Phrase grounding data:

----

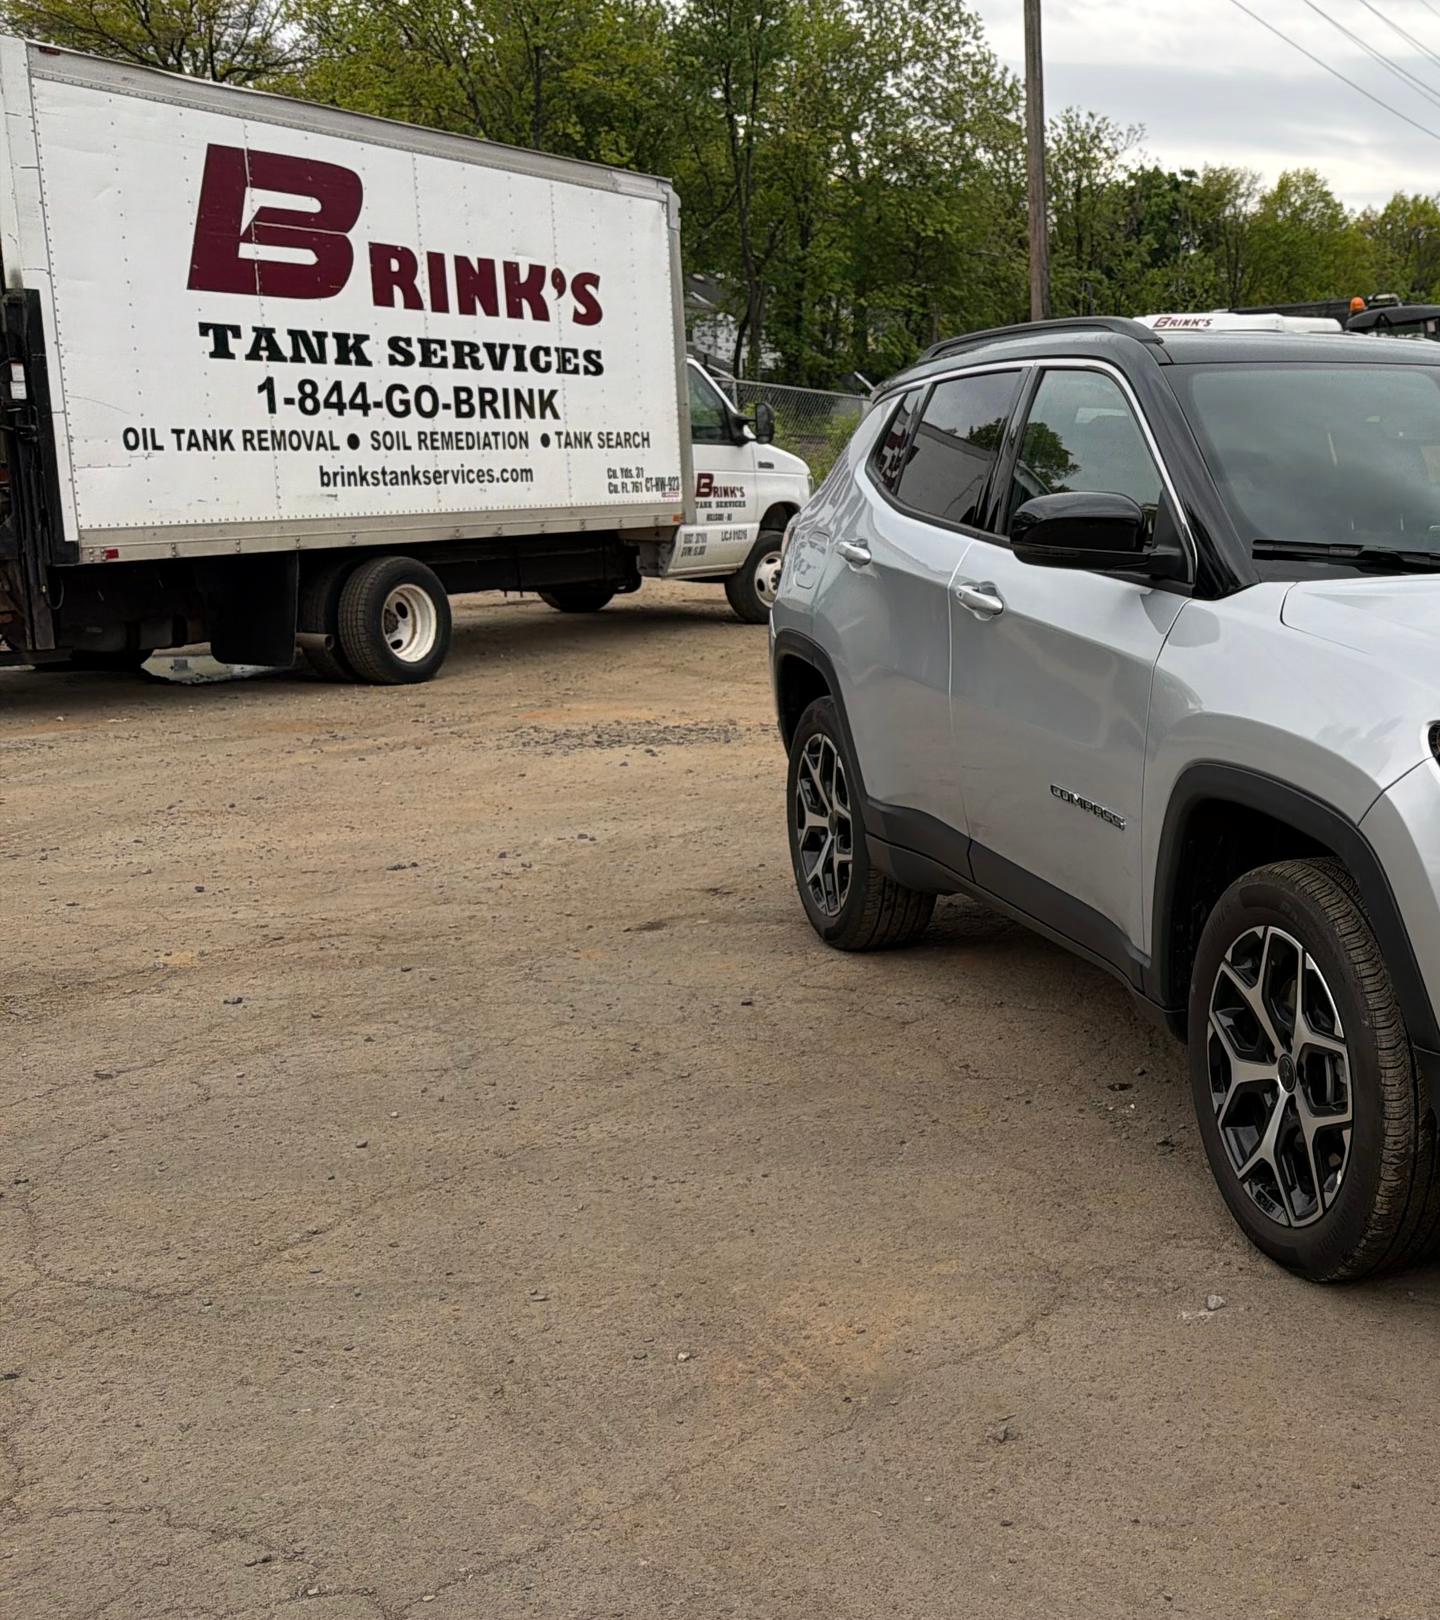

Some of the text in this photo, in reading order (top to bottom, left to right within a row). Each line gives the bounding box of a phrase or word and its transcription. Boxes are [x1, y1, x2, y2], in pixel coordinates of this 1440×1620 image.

[187, 143, 603, 326] BRINK'S
[1153, 316, 1213, 328] BRINK'S
[198, 321, 604, 377] TANK SERVICES
[257, 376, 561, 420] 1-844-GO-BRINK
[122, 427, 651, 451] OIL TANK REMOVAL SOIL REMEDIATION TANK SEARCH
[319, 464, 534, 487] brinkstankservices.com
[696, 473, 745, 498] BRINK'S
[716, 500, 746, 508] SERVICES
[1050, 784, 1126, 831] COMPASS
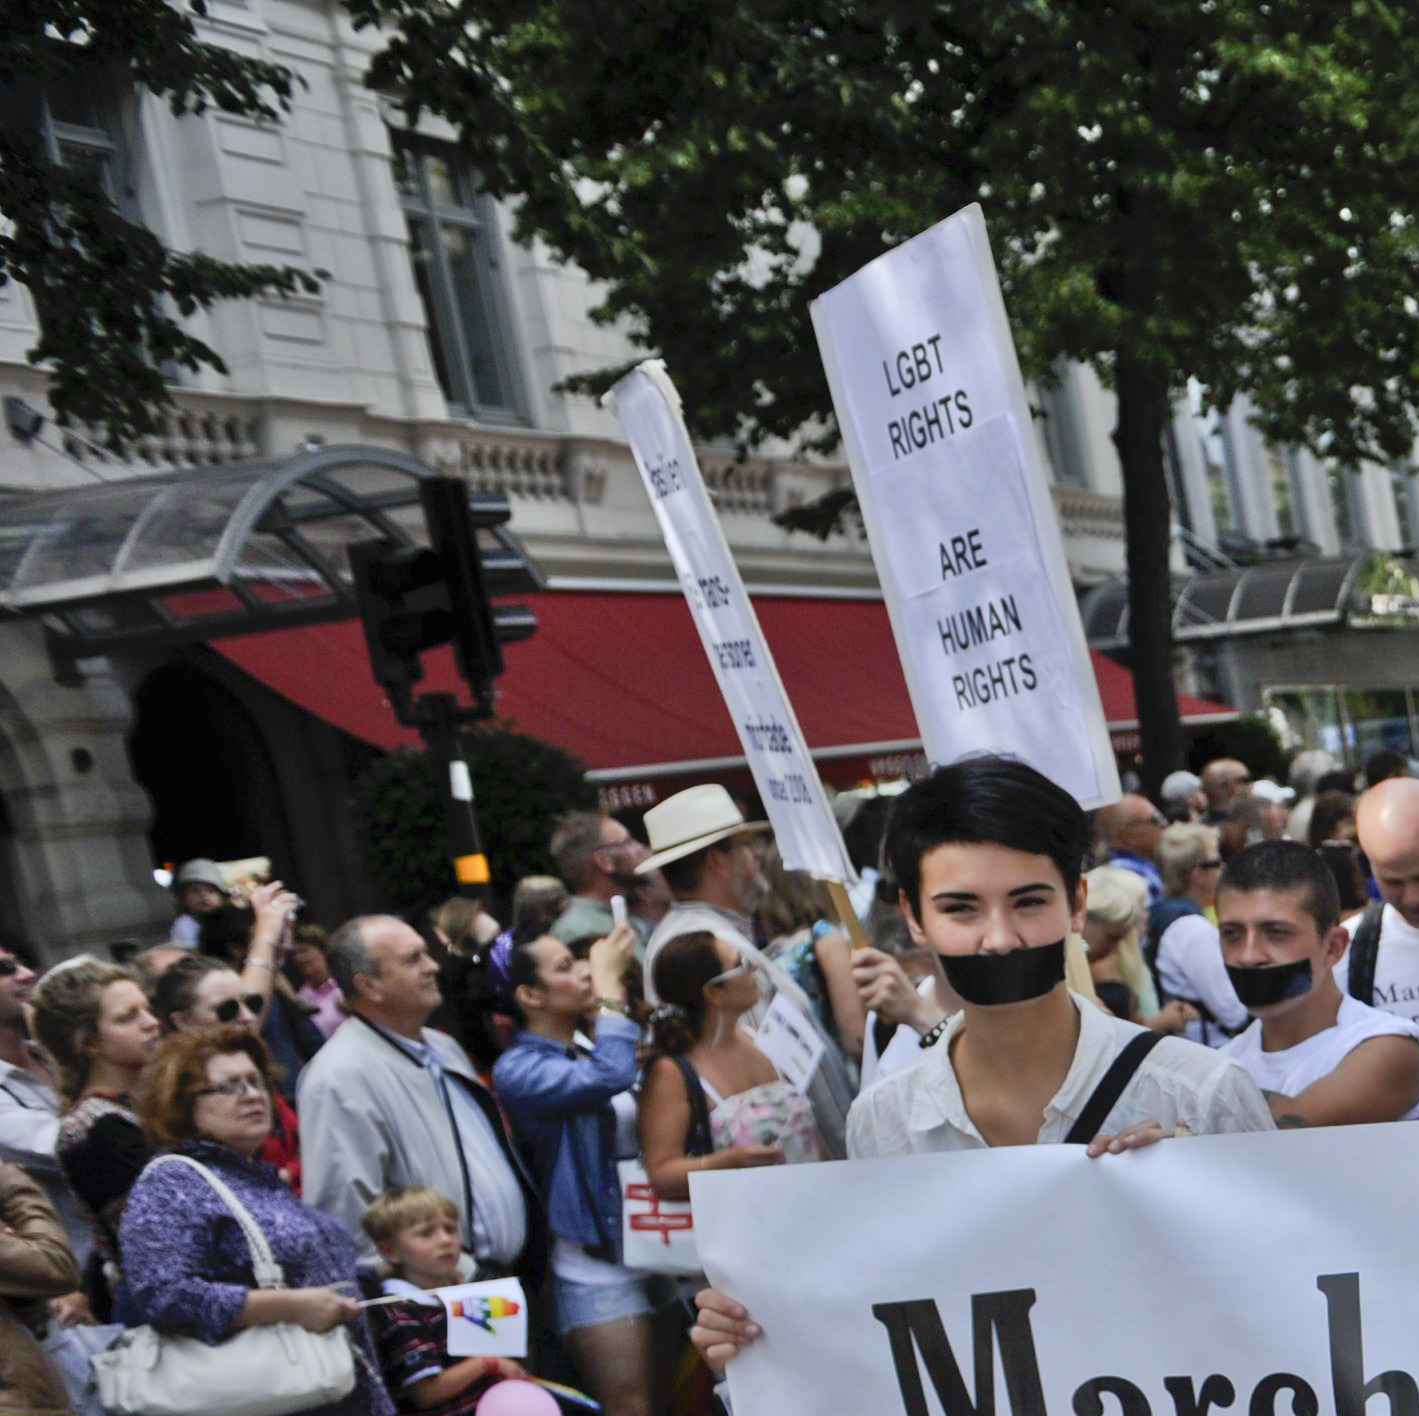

----

▶ [EXERCISE DETAILS]: If a record holds a picture, leave the picture out, but repeat every line exactly.

▶ [REPLY]:
Some of the text in this photo, in reading order (top to bottom, left to right within a row). Each line gives the bounding box of a phrase or word and its transcription. Boxes are [x1, y1, x2, y2], in pixel coordinates of this 1440×1620 image.

[187, 143, 603, 326] BRINK'S
[1153, 316, 1213, 328] BRINK'S
[198, 321, 604, 377] TANK SERVICES
[257, 376, 561, 420] 1-844-GO-BRINK
[122, 427, 651, 451] OIL TANK REMOVAL SOIL REMEDIATION TANK SEARCH
[319, 464, 534, 487] brinkstankservices.com
[696, 473, 745, 498] BRINK'S
[716, 500, 746, 508] SERVICES
[1050, 784, 1126, 831] COMPASS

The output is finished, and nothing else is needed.